Zero valued N_FUN stabs in shared objects: Why?

Kevin Buettner kevinb@cygnus.com
Fri Sep 10 15:19:00 GMT 1999


[ This is going to be a rather long message, complete with code
  fragments, a patch, and lots of analysis regarding some bugs that I've
  been working on.  Even if you choose not to read the entire message,
  the salient question is as follows:

    Why do shared objects on Solaris and Linux have zero-valued
    N_FUN stabs?

  I quite understand if you choose not to read beyond this point,
  but if you know the answer to the above question, please write
  me and tell what you think...
]

Recently, on Linux, I noticed that stepping into shared libraries was
broken in the (Cygnus) development branch of gdb.  [It works okay using
gdb-4.17.0.11.]  I did a bit of digging and discovered that simply
defining SOFUN_ADDRESS_MAYBE_MISSING in config/i386/tm-linux.h seemed
to fix the problem.  Later, I did some more digging and found that
H.J. Lu's patches to gdb-4.17 have a similar #define for
SOFUN_ADDRESS_MAYBE_MISSING.  Great, I thought, this solves the
problem very neatly.

But it may be that defining SOFUN_ADDRESS_MAYBE_MISSING is not the
"right" thing to do.  Jim Blandy sent me the following message which
quite neatly sums up the problem:

    This flag should make you ask, "*Why* don't these stabs contain
    the information they are intended to?"

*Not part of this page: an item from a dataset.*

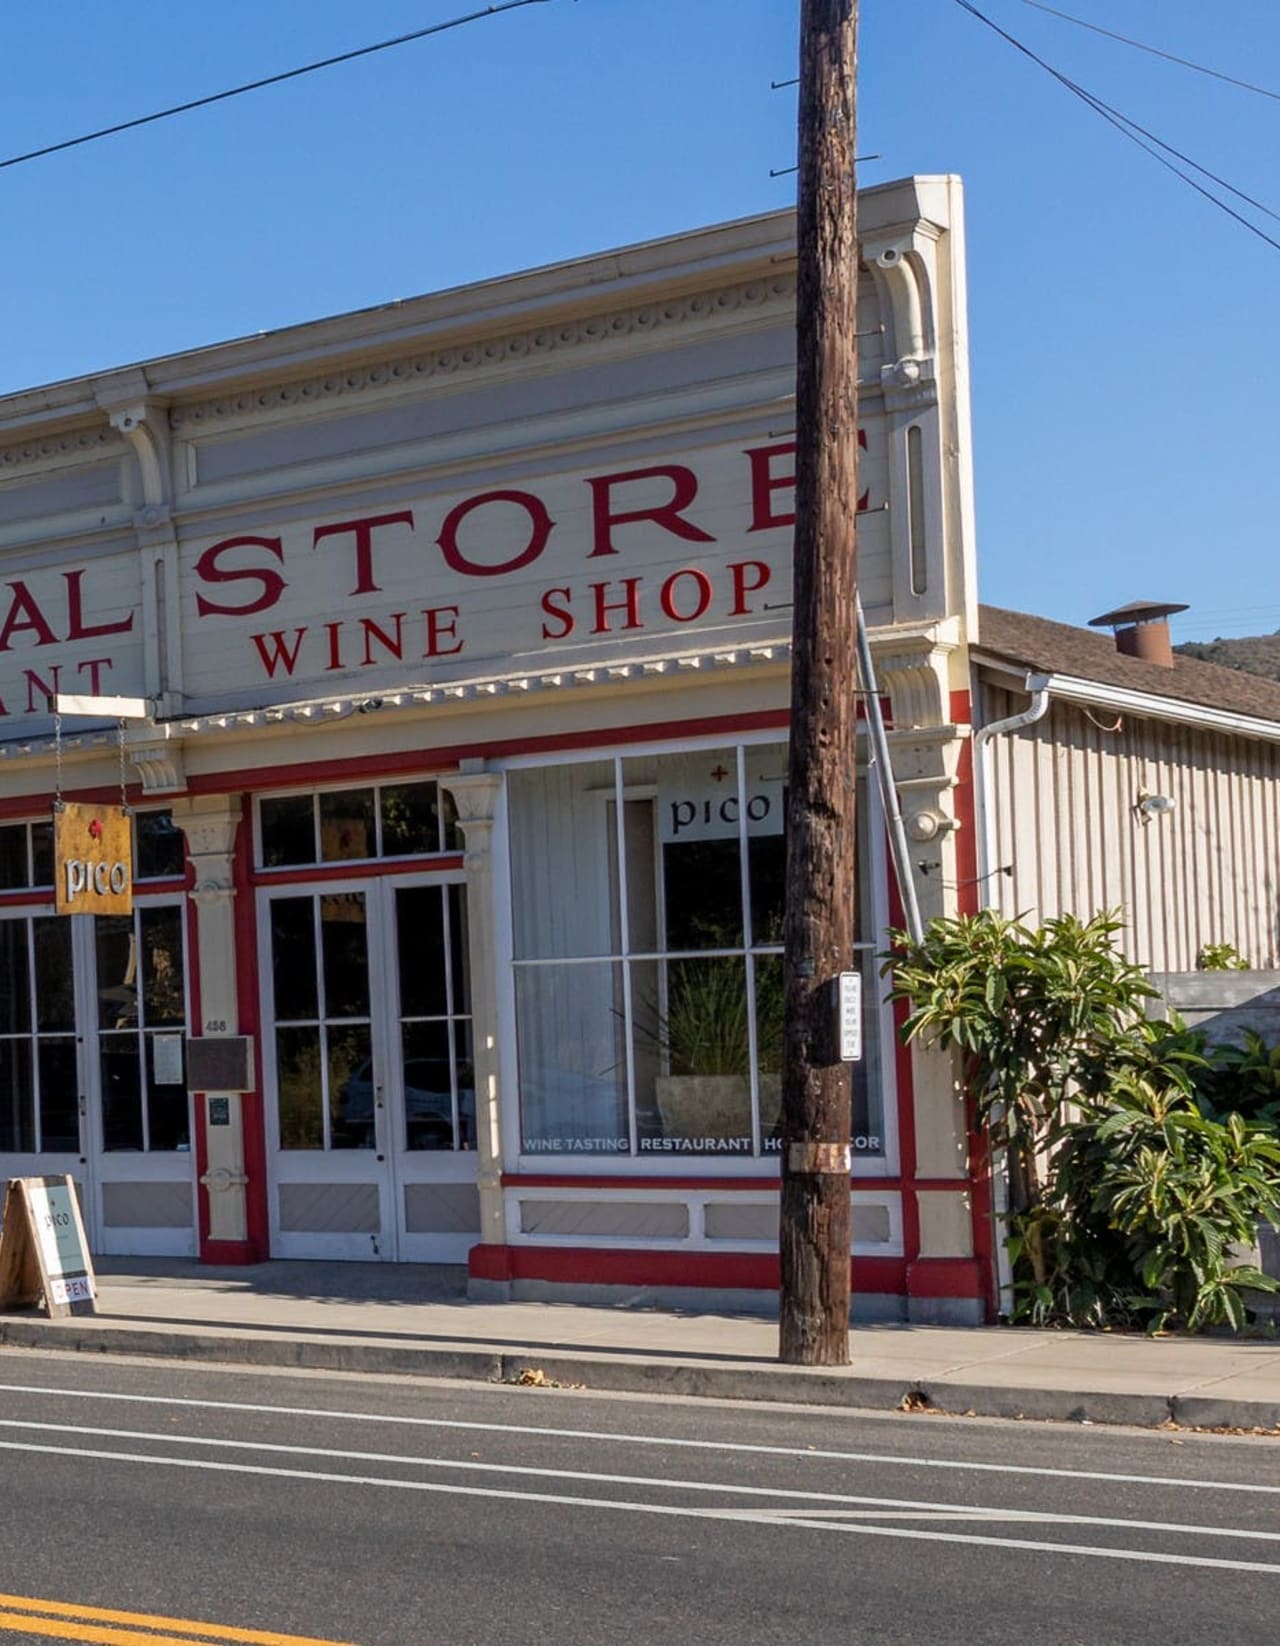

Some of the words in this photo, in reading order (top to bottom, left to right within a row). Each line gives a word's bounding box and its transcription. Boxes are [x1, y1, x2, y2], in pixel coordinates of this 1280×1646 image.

    As I understand it, SOFUN_ADDRESS_MAYBE_MISSING is meant to work
    around a bug in the way vendors' toolchains generate debug info. 
    If we have that problem, we should fix it in the toolchain, not
    propagate the workaround to other platforms.  This goes especially
    for Linux, where we actually have control over the toolchain.

    We need to figure out *why* the N_SO and N_FUN stabs have zero
    addresses.  I suspect it is due to confusion regarding relocs in
    shared libraries, which we need to actually understand and
    resolve.

I think it is worthwhile to consider the N_SO and N_FUN stabs separately
because it may be worthwhile to allow one, but not the other to be zero.

The motivation behind why you might conceivably want these symbols to
have zero addresses is given in appendix G.2 of ``The "stabs" debug
format'' by Julia Menapace, Jim Kingdon, and David MacKenzie (if
you're looking at a paper copy or postscript), or at

    http://sourceware.cygnus.com/gdb/onlinedocs/stabs_13.html#SEC89

if you're online.  [Thanks to Elena Zannoni for pointing this out to
me.]  Here is an excerpt:

    To keep linking fast, you don't want the linker to have to
    relocate very many stabs.  Making sure this is done for N_SLINE,
    N_RBRAC, and N_LBRAC stabs is the most important thing (see the
    descriptions of those stabs for more information).  But Sun's
    stabs in ELF has taken this further, to make all addresses in the
    n_value field (functions and static variables) relative to the
    source file.  For the N_SO symbol itself, Sun simply omits the
    address.

I don't want to spend a lot of time discussing the N_SO stabs, because
the GNU toolchain does seem to be giving these proper addresses (which
are actually offsets from the start of the section).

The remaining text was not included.